I’d like to tell you a little about these women because, while FiLiA brings all women together, these women are so far removed from the kind of women that are usually found at gatherings organised by more mainstream organisations or council events. P has a very traumatic past, she has been in prison, she has been the victim of child sexual abuse and multiple incidents of sexual violence as an adult. She has very low self esteem and finds it very hard to trust people. The way Julie, Kat and Ali from FiLiA facilitated the session made P feel at ease and valued. Feeling valued meant the world to her. The feeling that she had the time and space to share her experiences of the disability benefit system with other women and that they weren’t judging her was so precious and has led to her getting involved in more FiLiA related activity, ‘I’m so glad I went, nobody spoke down to me and I felt like what I had to say mattered. Thank you it’s opened up my world’.
The impact this had for her was extraordinary. Her support worker is amazed, and we are all so proud of her, and it was the women involved in FiLiA that helped make that happen. Another woman S has been diagnosed a few years ago with a variety of health conditions and had become very isolated. She previously wouldn’t go into Manchester as it was too busy for her anxiety but challenged herself and ended up broadening her world. She said, ‘It's made me realise I have more to say and that I can do this, as a disabled woman people talk about us but rarely listen to us, it was brilliant to be heard’.
FiLiA engages women of all ages, the daughter of one of the Women's Assembly members had this to say:
‘As a young woman, it was so inspiring to hear of the strength and power of others both individually and collectively, it made me feel understood and heard as a modern day woman’.

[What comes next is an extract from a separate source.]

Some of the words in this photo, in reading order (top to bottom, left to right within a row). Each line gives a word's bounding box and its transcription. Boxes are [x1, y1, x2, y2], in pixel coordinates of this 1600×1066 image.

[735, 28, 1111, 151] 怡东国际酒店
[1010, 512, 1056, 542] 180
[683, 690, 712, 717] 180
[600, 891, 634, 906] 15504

Other members have shared:
‘I really appreciate how welcome the women of FiLiA made me feel. As a working class woman, despite always being a feminist, I have felt excluded from the movement, I have struggled to make connections and found it hard to fit in. I felt respected and included by FiLiA’.

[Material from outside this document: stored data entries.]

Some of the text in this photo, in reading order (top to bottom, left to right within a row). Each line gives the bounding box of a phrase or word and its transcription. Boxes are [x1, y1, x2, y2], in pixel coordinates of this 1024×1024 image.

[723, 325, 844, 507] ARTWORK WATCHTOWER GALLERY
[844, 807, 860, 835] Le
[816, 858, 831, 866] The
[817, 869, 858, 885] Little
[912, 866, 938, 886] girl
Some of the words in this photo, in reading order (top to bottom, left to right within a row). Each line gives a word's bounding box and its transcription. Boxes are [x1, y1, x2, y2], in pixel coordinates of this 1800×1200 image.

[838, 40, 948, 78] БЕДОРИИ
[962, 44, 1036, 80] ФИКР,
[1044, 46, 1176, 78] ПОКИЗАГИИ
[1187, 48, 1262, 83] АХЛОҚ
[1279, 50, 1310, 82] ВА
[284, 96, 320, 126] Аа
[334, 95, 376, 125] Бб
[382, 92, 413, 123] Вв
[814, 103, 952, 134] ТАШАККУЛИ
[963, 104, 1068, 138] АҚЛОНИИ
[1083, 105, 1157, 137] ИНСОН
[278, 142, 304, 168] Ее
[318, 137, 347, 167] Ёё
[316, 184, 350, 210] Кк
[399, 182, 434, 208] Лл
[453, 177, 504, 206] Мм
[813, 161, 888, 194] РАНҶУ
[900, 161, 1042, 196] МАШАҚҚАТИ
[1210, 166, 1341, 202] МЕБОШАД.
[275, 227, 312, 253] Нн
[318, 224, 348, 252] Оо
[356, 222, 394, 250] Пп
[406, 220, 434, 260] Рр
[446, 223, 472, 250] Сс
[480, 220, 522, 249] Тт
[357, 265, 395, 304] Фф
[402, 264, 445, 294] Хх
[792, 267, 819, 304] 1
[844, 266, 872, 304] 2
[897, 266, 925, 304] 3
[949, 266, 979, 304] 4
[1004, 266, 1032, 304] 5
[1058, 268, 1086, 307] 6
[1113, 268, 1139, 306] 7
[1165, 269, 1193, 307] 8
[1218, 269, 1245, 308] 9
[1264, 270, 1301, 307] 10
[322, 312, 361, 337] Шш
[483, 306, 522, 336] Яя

When FiLiA develop policy positions they are shaped by the voices, feelings and experiences of a wide range of women, and are valuable resources for any decision makers who want to ensure that policy is as informed as possible and its impact on women and girls is considered and mitigated.

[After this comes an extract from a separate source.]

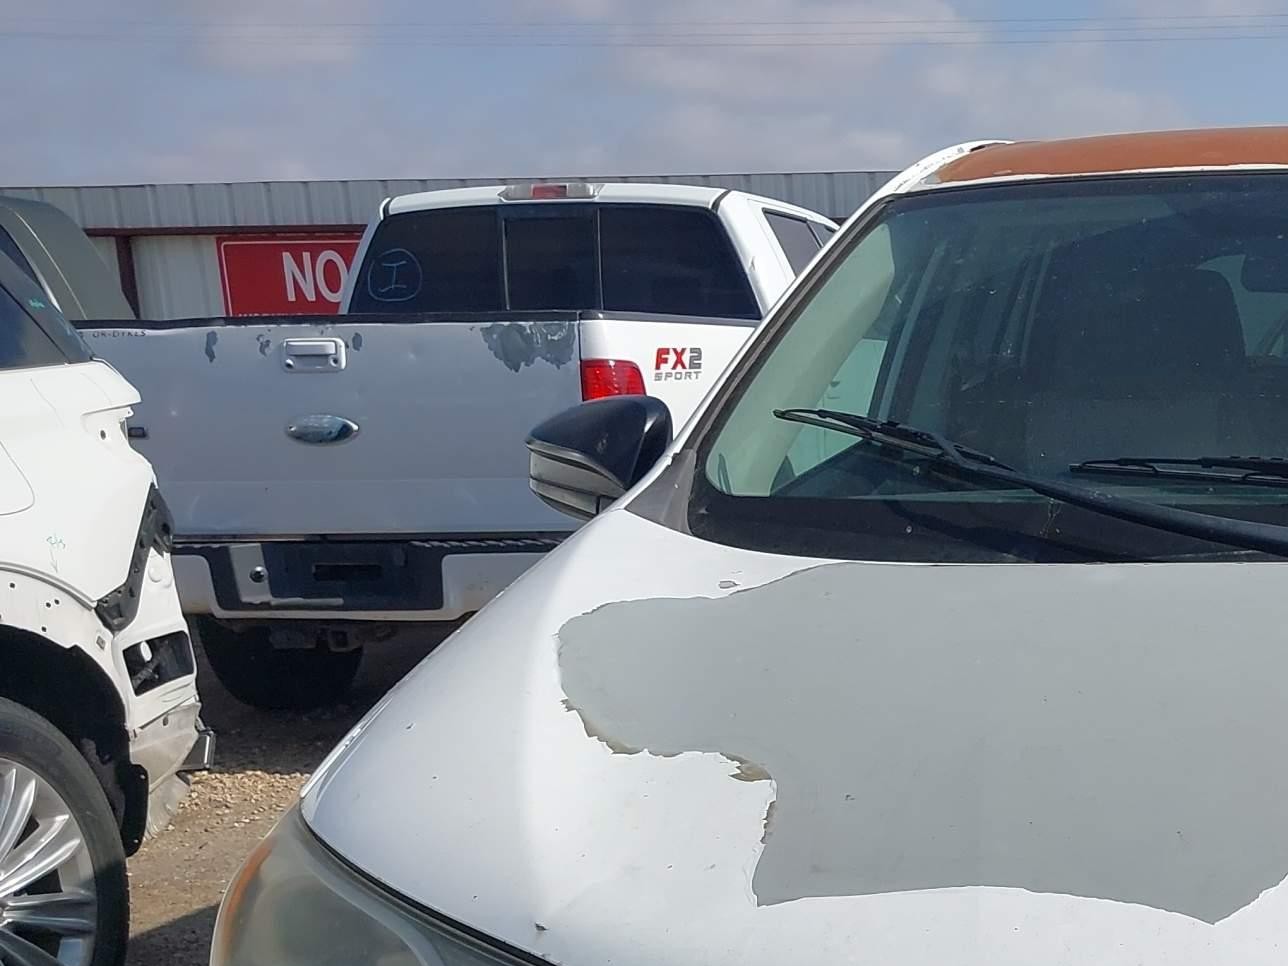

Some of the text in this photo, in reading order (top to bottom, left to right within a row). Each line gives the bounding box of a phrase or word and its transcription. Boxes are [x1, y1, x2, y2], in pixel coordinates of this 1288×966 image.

[282, 249, 349, 303] NO
[655, 347, 703, 371] FX2
[654, 371, 702, 382] SPORT

I would ask you all to support the FiLiA Women’s Assembly, along with their other projects, and help us ensure all women and girls voices are heard, acknowledged and valued.
I'd like to hand you over now to Kruti Walsh, Director of Policy at FiLiA. No stranger to Westminster, Kruti’s previous roles included 13 years as a civil servant in the central government departments.
Kruti’s remarks
Thank you so much, Fran. That was so moving and powerful and perfectly shows the strength and impact of FiLiA and the FiLiA Women’s Assembly.
We are so glad that you were able to join us today so that MPs and Peers in the room could hear directly from one of the women in the FiLiA Women’s Assembly.
And I also want to say a huge thank you to Tonia Antoniazzi for being our Parliamentary sponsor for this event – and for being such a consistent and dynamic friend of FiLiA. We are so grateful for your support and the kind words in your speech.
As Fran mentioned, I lead FiLiA's new Campaigns and Policy team and I am so pleased that we are celebrating our first year of existence here, in Parliament. It is fitting, and we are thrilled that you are here to help us celebrate.
Today also marks the formal launch of the FiLiA Women’s Assembly – which you’ve heard about from Fran – and the launch of our report – Making Policy Work for Women.
The report is the result of a huge research effort, to understand British women’s concerns and priorities for policy. I’m glad that some of our researchers – Rosie, Laura and Kiri – have been able to join us today. The report sets out a number of recommendations for policymakers. I won’t go through all of these as you can read them in the report, or the short briefing we’ve produced for attendees today, but I would like to highlight one:
That all new or updated policies, legislation and guidance evidence that they have met the Public Sector Equality Duty with a thorough and robust Equality Impact Assessment. This can't be a tickbox exercise, done at the end of the policy making process with sex-equality completely sidelined or ignored. We need meaningful analyses of sex-based inequality, using sex-disaggregated data, to really understand and meet the needs of women and recognise women’s lives as distinct from men's.
The report also sets out how FiLiA can help, to make women's voices part of the evidence base for policy makers.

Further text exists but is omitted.